Su gran inspirador fue Piet Mondrian, el artista holandés que lo invitó, tácitamente, a pintar su primer cuadro abstracto.

Su deseo de aprender más acerca del discurso visual de la pintura fue tal, que desde 1913 hasta 1915 Albers cursó estudios en la Real Escuela de Arte de Berlín, para luego cursar tres años más en la Escuela de Arte de Essen.

Durante un tiempo aprendió junto a Franz von Stuck en las aulas de la Academia de las Artes de Prusia y de allí pasó a la Academia de Bellas Artes de Munich.

Siete años de formación en diversas instituciones de gran prestigio le permitieron ingresar en el año 1920 en la Bauhaus de Weimar.
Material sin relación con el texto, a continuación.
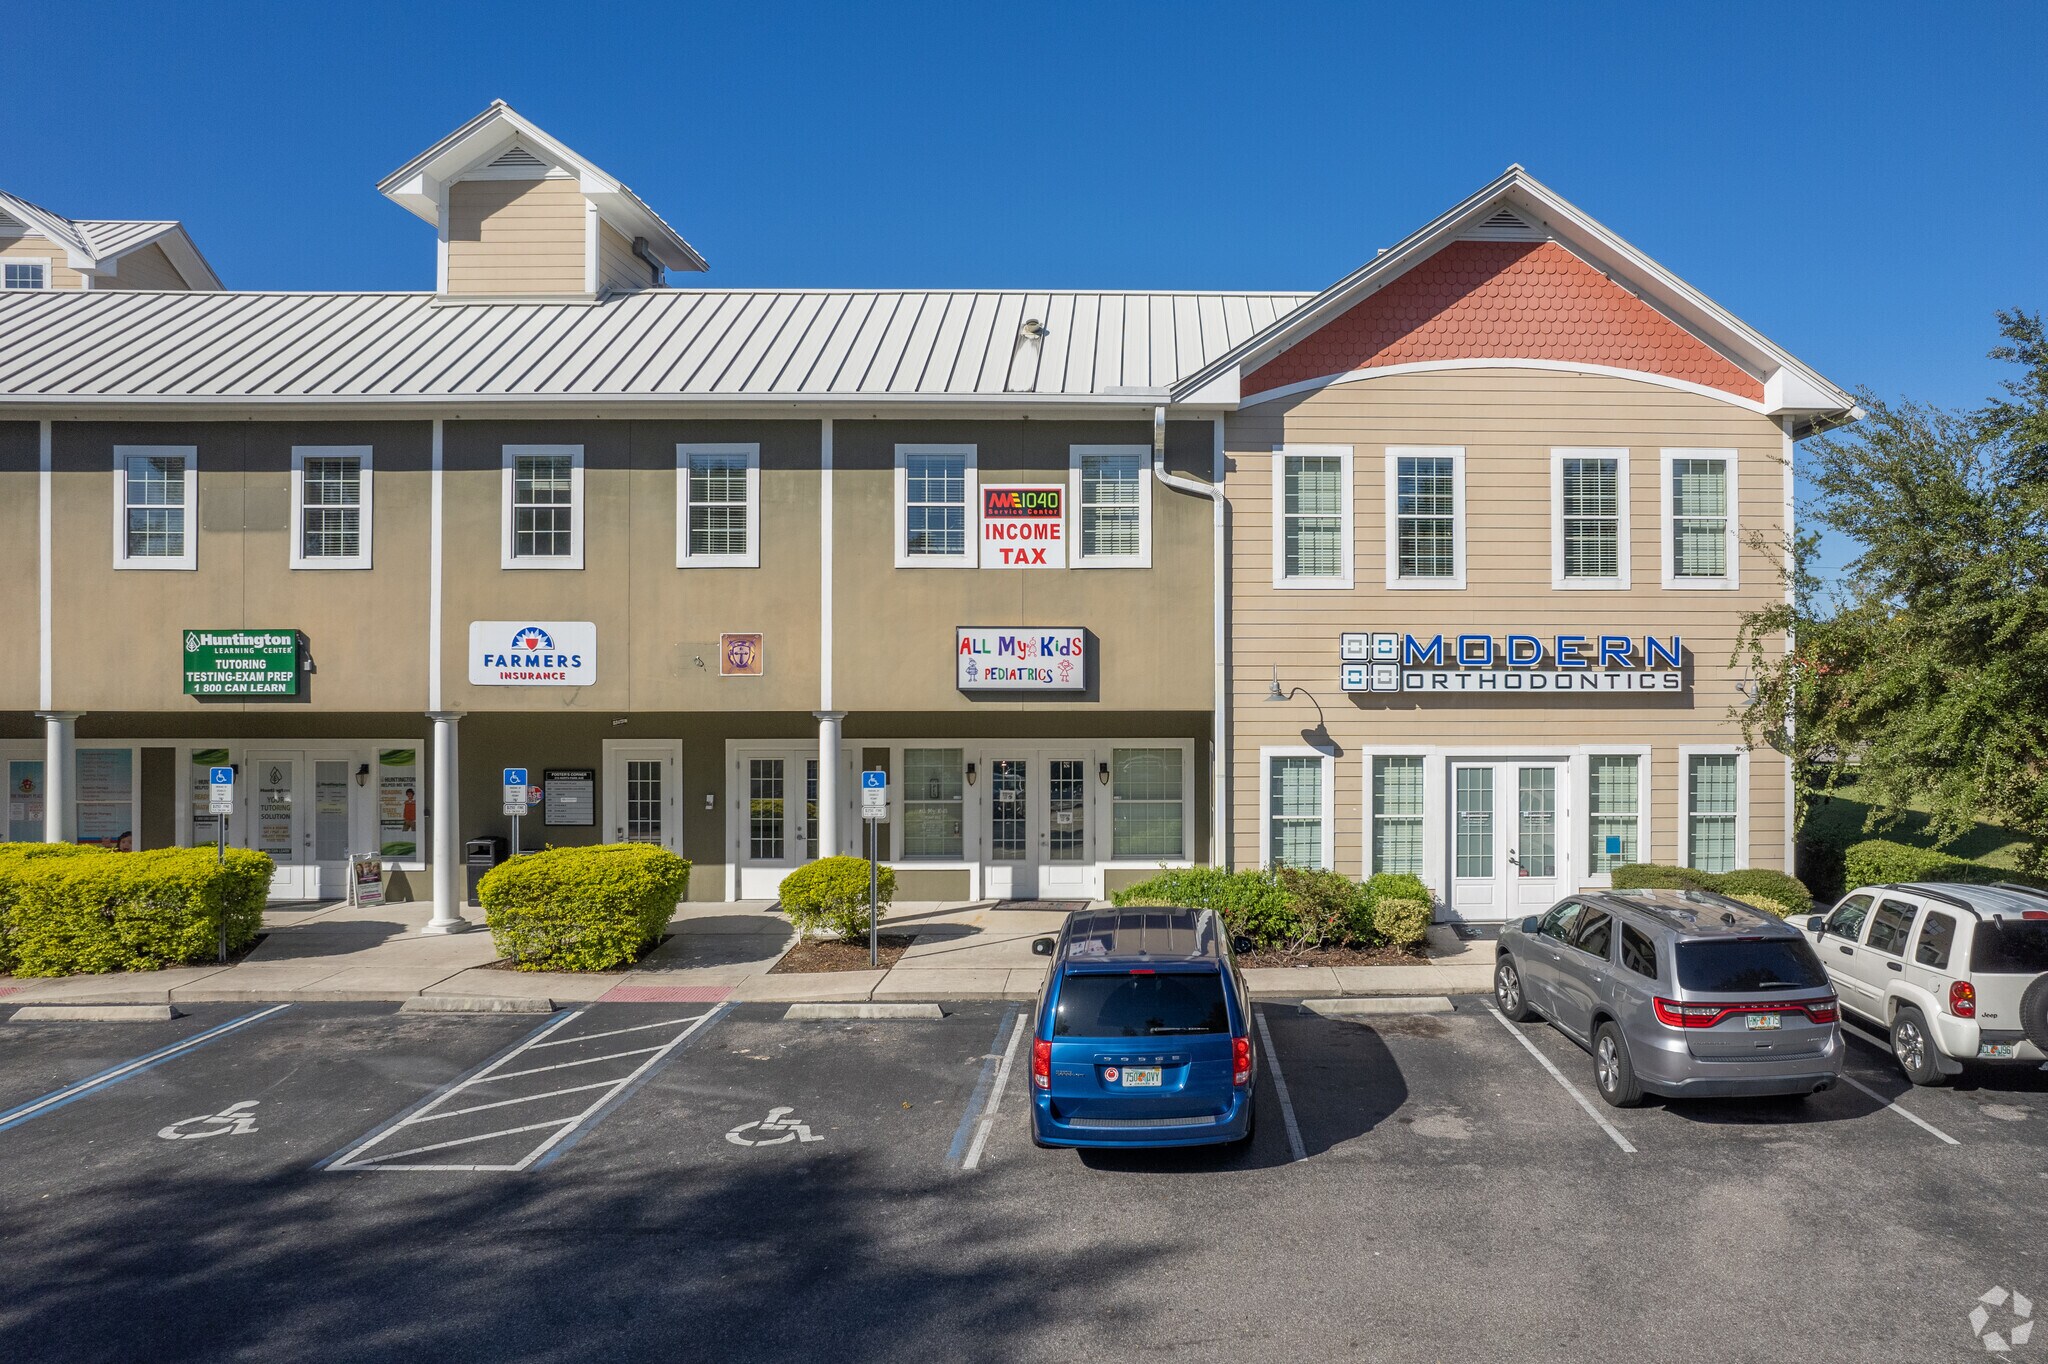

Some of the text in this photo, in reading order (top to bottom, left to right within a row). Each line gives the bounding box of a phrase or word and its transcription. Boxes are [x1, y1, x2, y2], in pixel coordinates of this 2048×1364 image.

[985, 523, 1061, 540] INCOME
[999, 548, 1047, 565] TAX
[200, 633, 291, 648] Huntington
[960, 637, 991, 655] ALL
[998, 636, 1027, 660] My
[1403, 634, 1682, 667] MODERN
[215, 659, 266, 669] TUTORING
[484, 654, 582, 668] FARMERS
[186, 672, 293, 682] TESTING-EXAM PREP
[500, 672, 566, 680] INSURANCE
[984, 667, 1053, 683] PEDIATRICS
[1406, 673, 1680, 689] ORTHODONTICS
[194, 684, 286, 692] 1 800 CAN LEARN
Fue contratado en la prestigiosa escuela de artes y oficios alemana para enseñar en el Departamento de Diseño, hasta que en 1925, cuando la escuela de Walter Gropius se muda a Dessau, fue ascendido como profesor, impartiendo clases en el área de diseño de mobiliario y trabajo en vidrio.

Bauhaus de Weimar

La misma presión nazi que obligó el cierre de la Bauhaus en el año 1933 obligó a muchos talentos egresados de esta escuela a buscar nuevas posibilidades y muchos emigraron a los Estados Unidos, entre ellos Josef Albers, quien consiguió trabajo en la Black Mountain College de Carolina del Norte, encargado del programa de arte hasta el año 1949.

Black Mountain College de Carolina del Norte

Por más de diez años en Carolina del Norte formó a artistas como:

  • la cubana Clara Porset,
  • John Cage,
  • Robert Rauschenberg,
  • Cy Twombly,
  • Donald Judd
  • y Merce Cunningham, entre otros.

Durante este mismo período, Albers formó parte del grupo de artistas París: Abstracción-Creación.
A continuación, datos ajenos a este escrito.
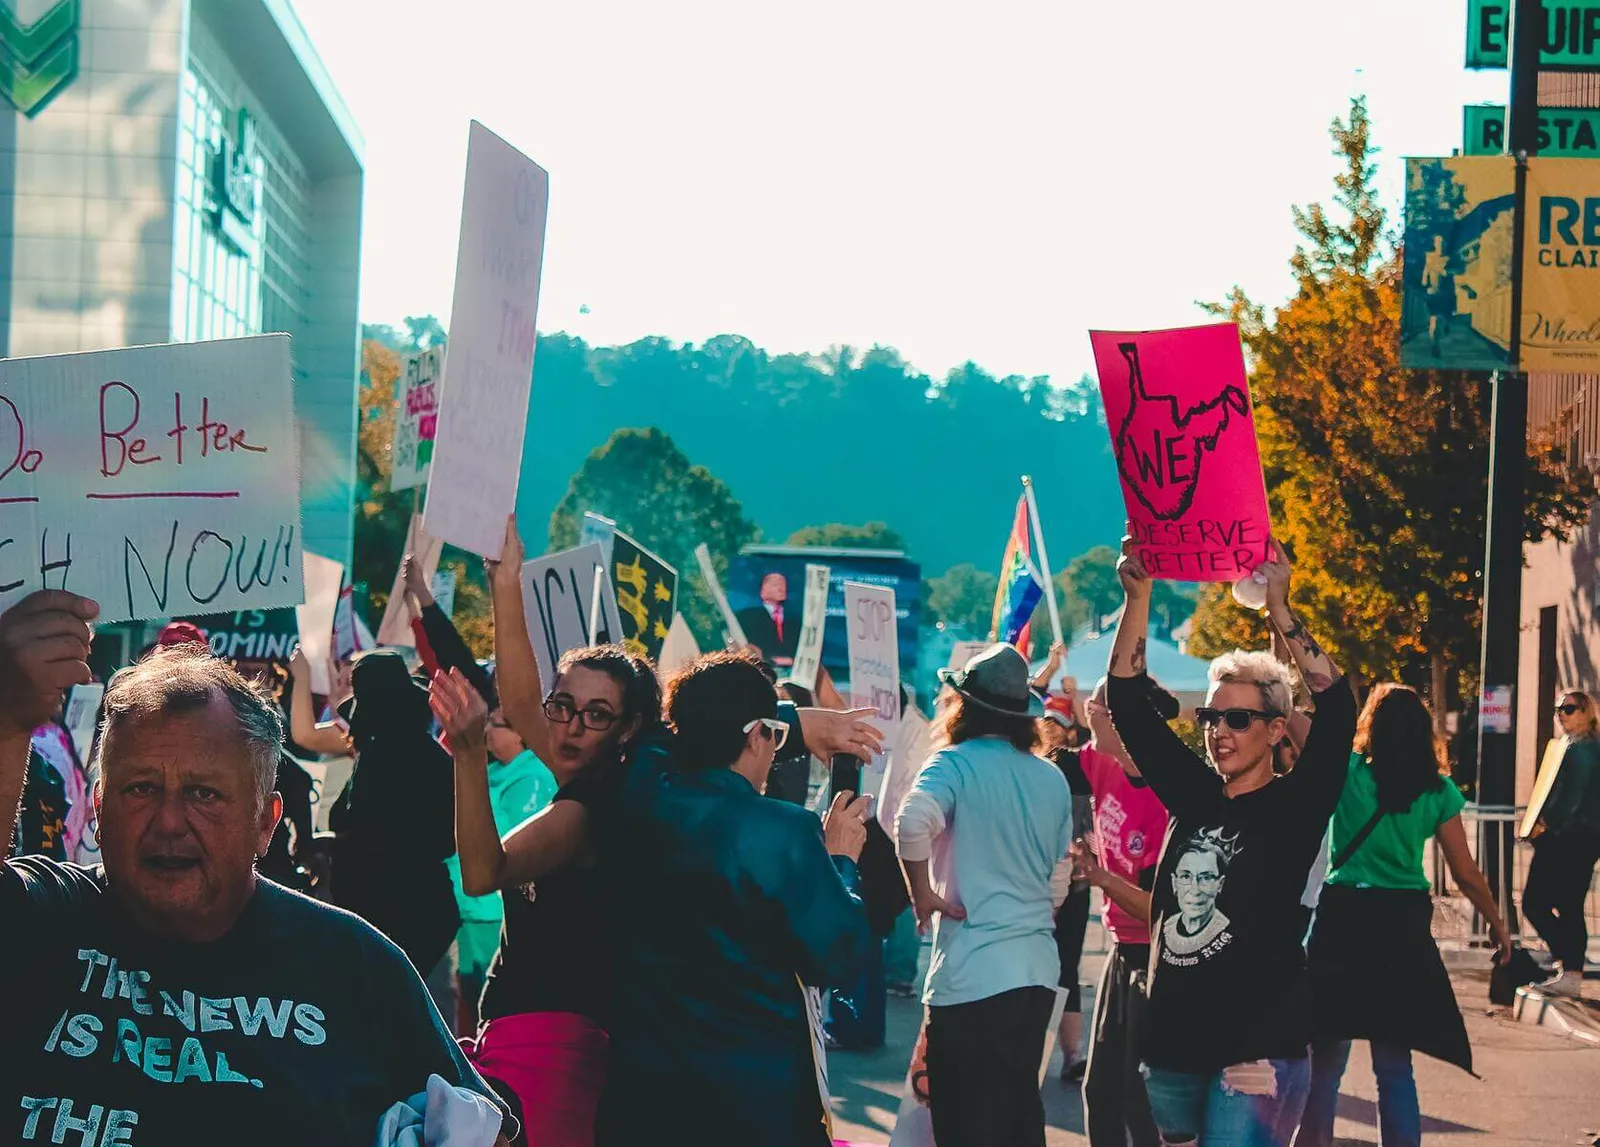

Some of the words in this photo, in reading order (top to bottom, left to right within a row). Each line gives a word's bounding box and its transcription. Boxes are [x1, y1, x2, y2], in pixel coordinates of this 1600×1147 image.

[100, 381, 267, 478] Better
[1129, 430, 1191, 489] WE
[1131, 517, 1262, 546] DESERVE
[44, 1008, 104, 1057] IS
[159, 989, 327, 1046] NEWS
París: Abstracción-Creación Luis Benshimol

Una vez fuera de Carolina del Norte, Josef Albers y su esposa, la artista textil Anni Albers, se trasladaron a New Haven, donde el destacado alemán se encargó de dirigir el Departamento de Diseño de la Universidad de Yale. Allí enseñó a figuras como Eva Hesse y Richard Serra. Durante una temporada fue profesor invitado en la Escuela de Diseño de Ulm, en Alemania y regresó a Estados Unidos para jubilarse en Yale en el año 1958. Algunos años más tarde la Graham Foundation le otorgó una beca para que organizara una exposición y una conferencia sobre su trabajo.
Su serie Homenaje al cuadrado es posiblemente una de las más conocidas. Además de ser diseñador, fotógrafo, tipógrafo y poeta, dentro del universo de las artes fue conocido como un notable pintor abstracto, que además de su creación, también dejó como legado diversos textos y artículos en los que se plantea interesantes teorías sobre la forma y el color.